The Resource API does not put many constraints on when and how a transport can fail. The remote resource you are connecting to will have it's own device specific connection and error handling capabilities. Be aware of the following issues that may arise:

  • Your initial connection might fail. To retry making the connection, verify whether you have network problems or whether there has been a service restart of the target that you are trying to connect to. As part of the retry logic, the transport avoids passing these issues to other parts of your system and waits up to 30 seconds for a single target to recover. When you execute a retry, the transport logs transient problems at the notice level.

  • After you make your connection and have run the initialize method, the transport might apply deeper validation to the passed connection information — like mutual exclusivity of optional values, for example, password or key — and throw an ArgumentError. The transport then tries to establish a connection to the remote target. If this fails due to unrecoverable errors, it throws another exception.

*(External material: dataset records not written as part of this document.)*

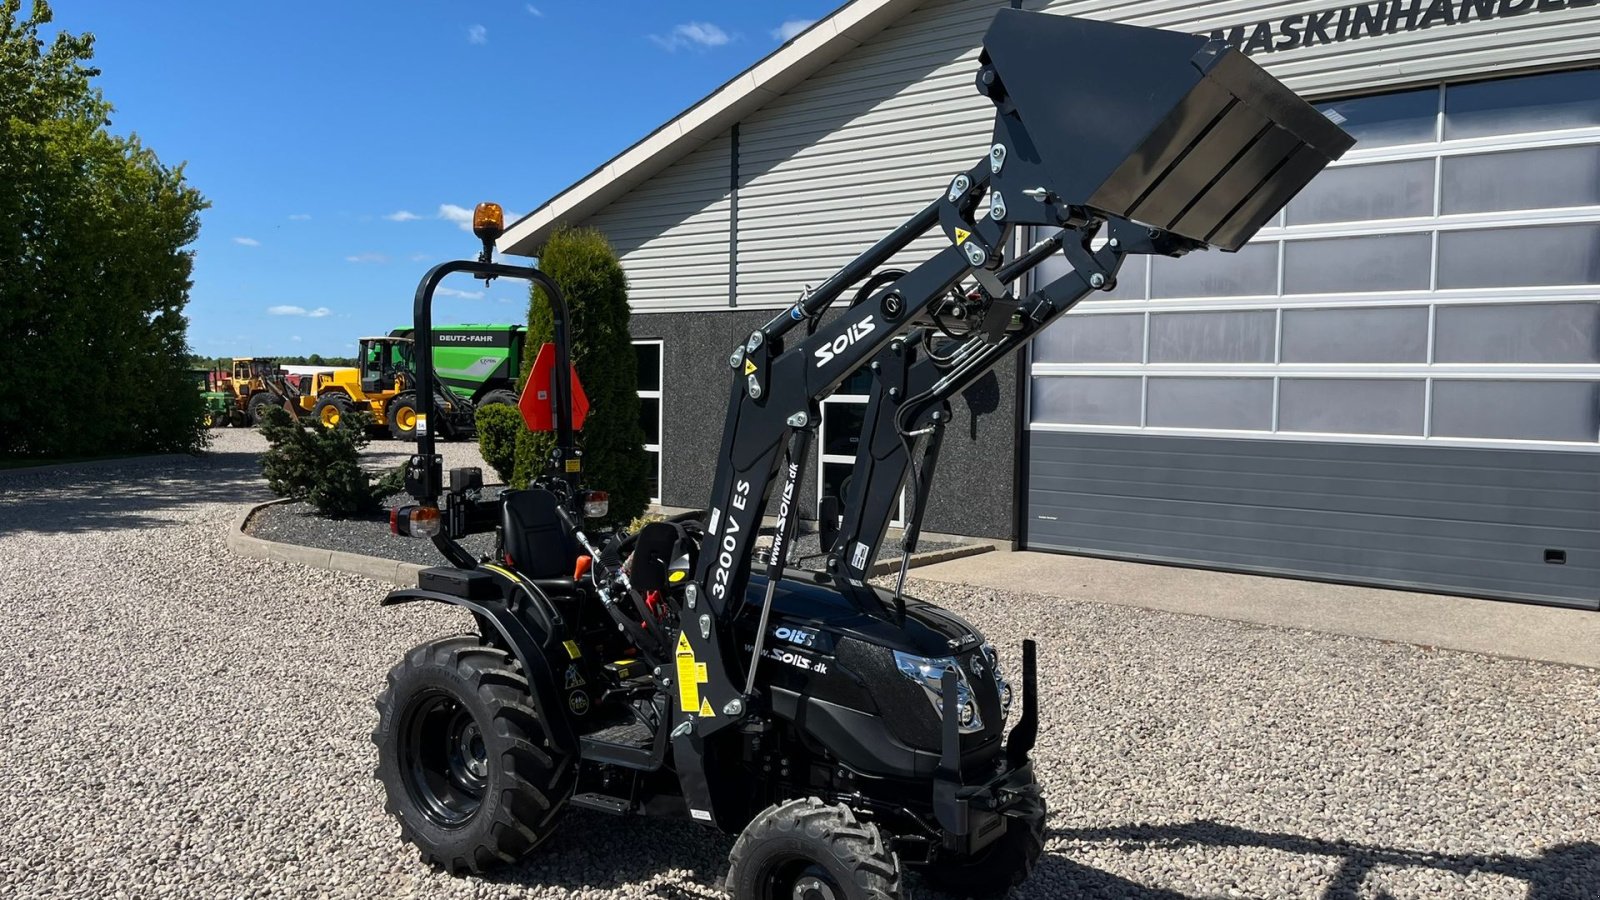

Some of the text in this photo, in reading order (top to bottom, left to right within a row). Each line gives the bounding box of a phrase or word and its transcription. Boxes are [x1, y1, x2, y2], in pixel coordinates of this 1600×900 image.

[1208, 0, 1600, 55] MASKINHAN
[712, 515, 740, 600] 3200V
[732, 479, 750, 511] ES
[744, 643, 828, 675] ww.Solis.dk
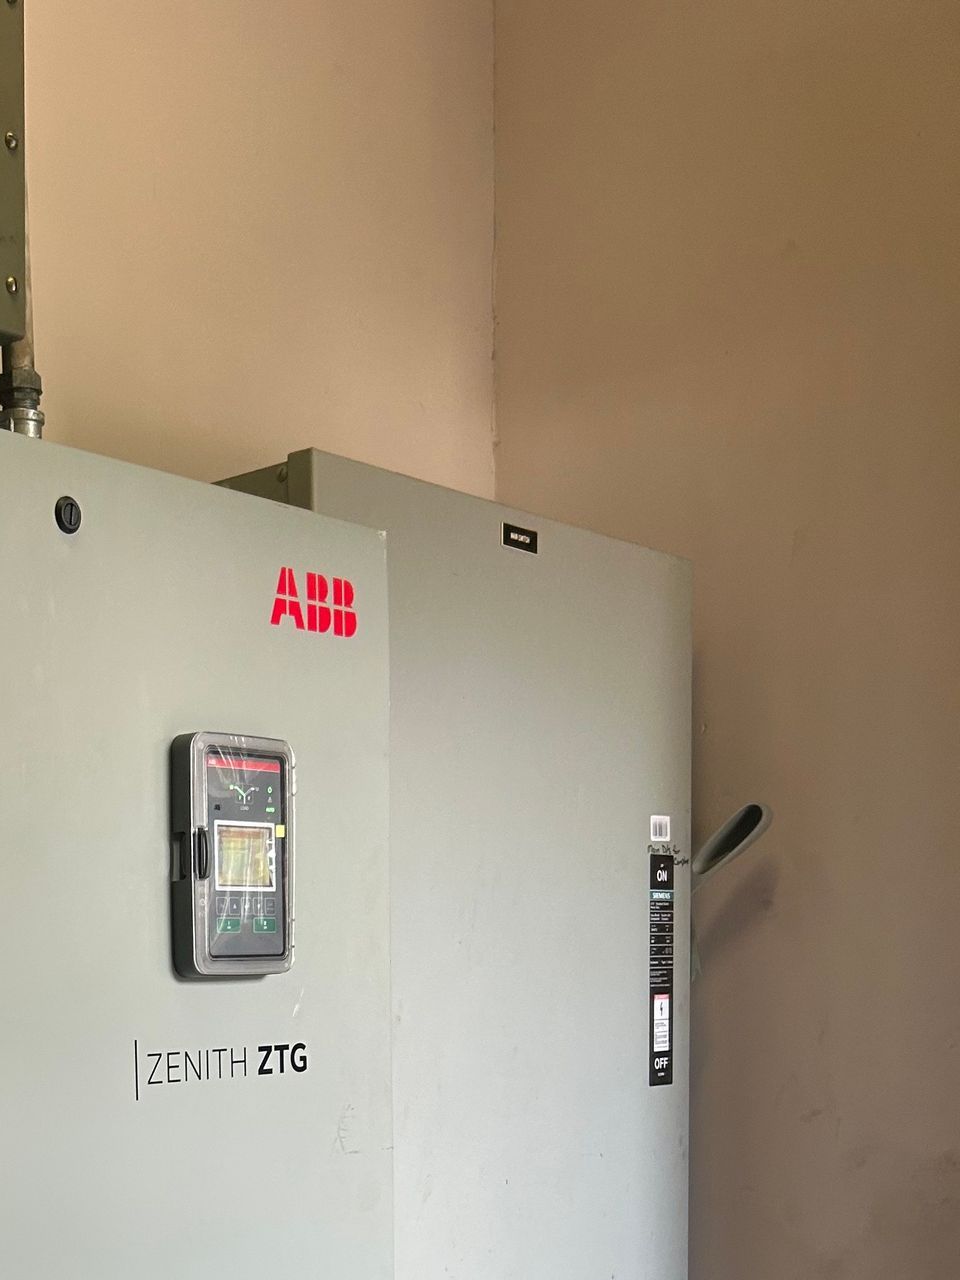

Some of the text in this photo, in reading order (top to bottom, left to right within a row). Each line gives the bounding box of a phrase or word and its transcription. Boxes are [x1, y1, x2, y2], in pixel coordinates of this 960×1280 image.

[270, 566, 358, 638] ABB
[656, 869, 668, 882] ON
[652, 892, 671, 900] SIEMENS
[146, 1042, 308, 1085] ZENITH ZTG
[654, 1057, 669, 1070] OFF

  • The verify and facts methods, like initialize, throw exceptions only when unrecoverable errors are encountered, or when the retry logic times out.

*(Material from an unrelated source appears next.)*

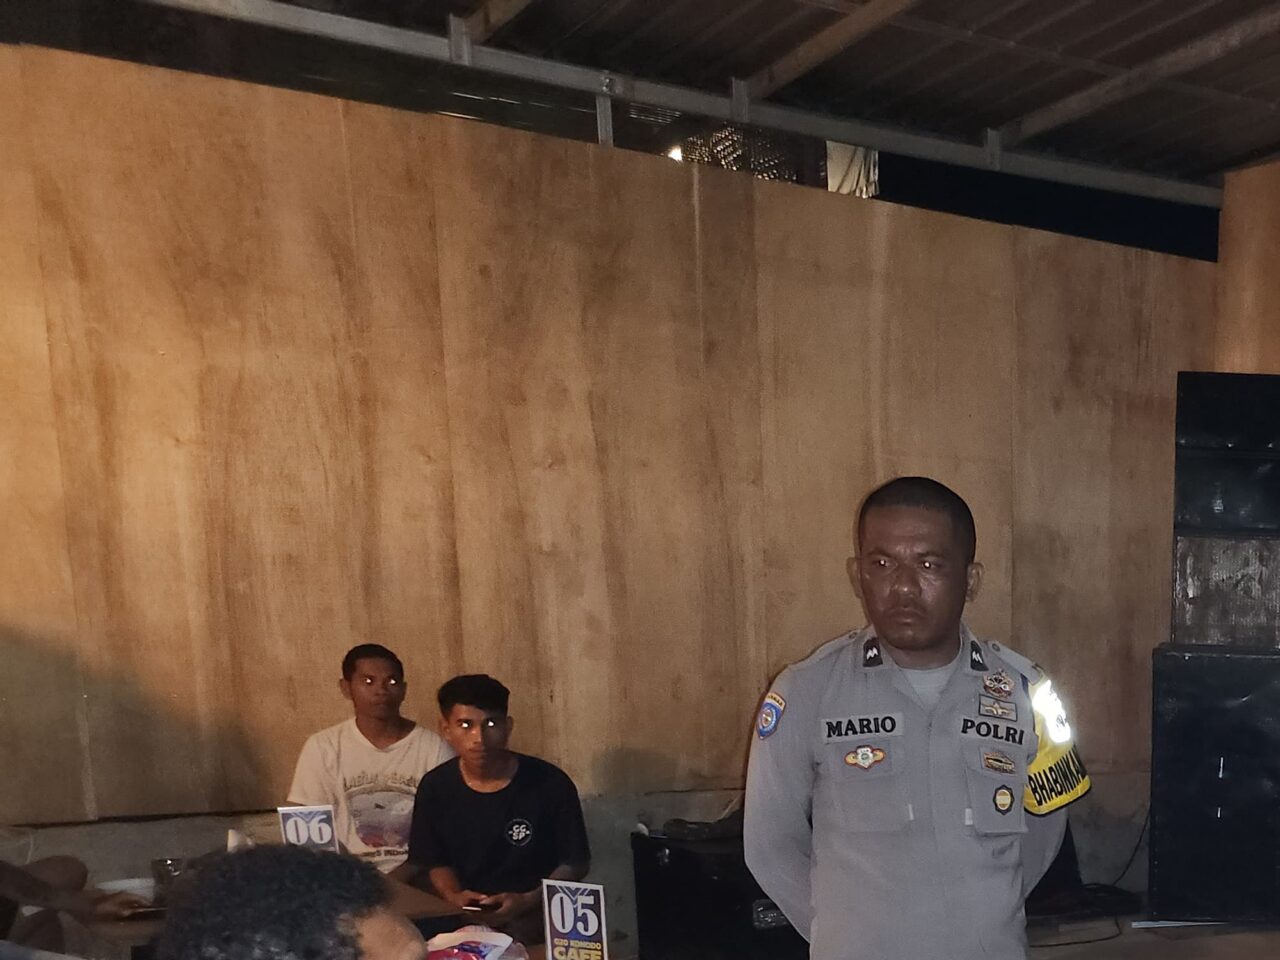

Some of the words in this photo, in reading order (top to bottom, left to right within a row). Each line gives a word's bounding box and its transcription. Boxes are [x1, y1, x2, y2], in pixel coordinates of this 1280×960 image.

[826, 716, 897, 738] MARIO
[961, 718, 1025, 745] POLRI
[285, 814, 332, 846] 06
[551, 892, 600, 937] 05

Port your existing device code to transports

If you have old code that uses Device, port it by updating your code with the following replacements as appropriate:

  • Move the device class to Puppet::Transport

  • Change Util::NetworkDevice::NAME::Device to ResourceApi::Transport::NAME

  • Change the initialization to accept and process a connection_info hash.

  • When accessing the connection_info in your new transport, change all string keys to symbols, for example, name to :name.

  • Add context as the first argument to your initialize and facts method.

  • Change puppet/util/network_device/NAME/device to puppet/transport/NAME

  • Replace calls to Puppet logging with calls to the context logger

If you can't port your code at this time, your providers can still access your Device through context.device, but you won't be able to make use of the functionality in Bolt plans.

After porting your code, you will have a transport class and a shim Device class that connects your transport in a way that Puppet understands. Specify the transport name in the super call to make the connection:

# lib/puppet/type/nx9k_vlan.rb
Puppet::ResourceApi.register_type(
  name: 'nx9k_vlan',
  features: [ 'remote_resource' ],
  # ...
)

# lib/puppet/util/network_device/nexus/device.rb
require 'puppet/resource_api/transport/wrapper'
# force registering the transport
require 'puppet/transport/schema/nexus'

module Puppet::Util::NetworkDevice::Nexus
  class Device < Puppet::ResourceApi::Transport::Wrapper
    def initialize(url_or_config, _options = {})
      super('nexus', url_or_config)
    end
  end
end

Agent versions 6.0 to 6.3 are incompatible with this way of executing remote content. These versions will not be supported after support for PE 2019.0 ends.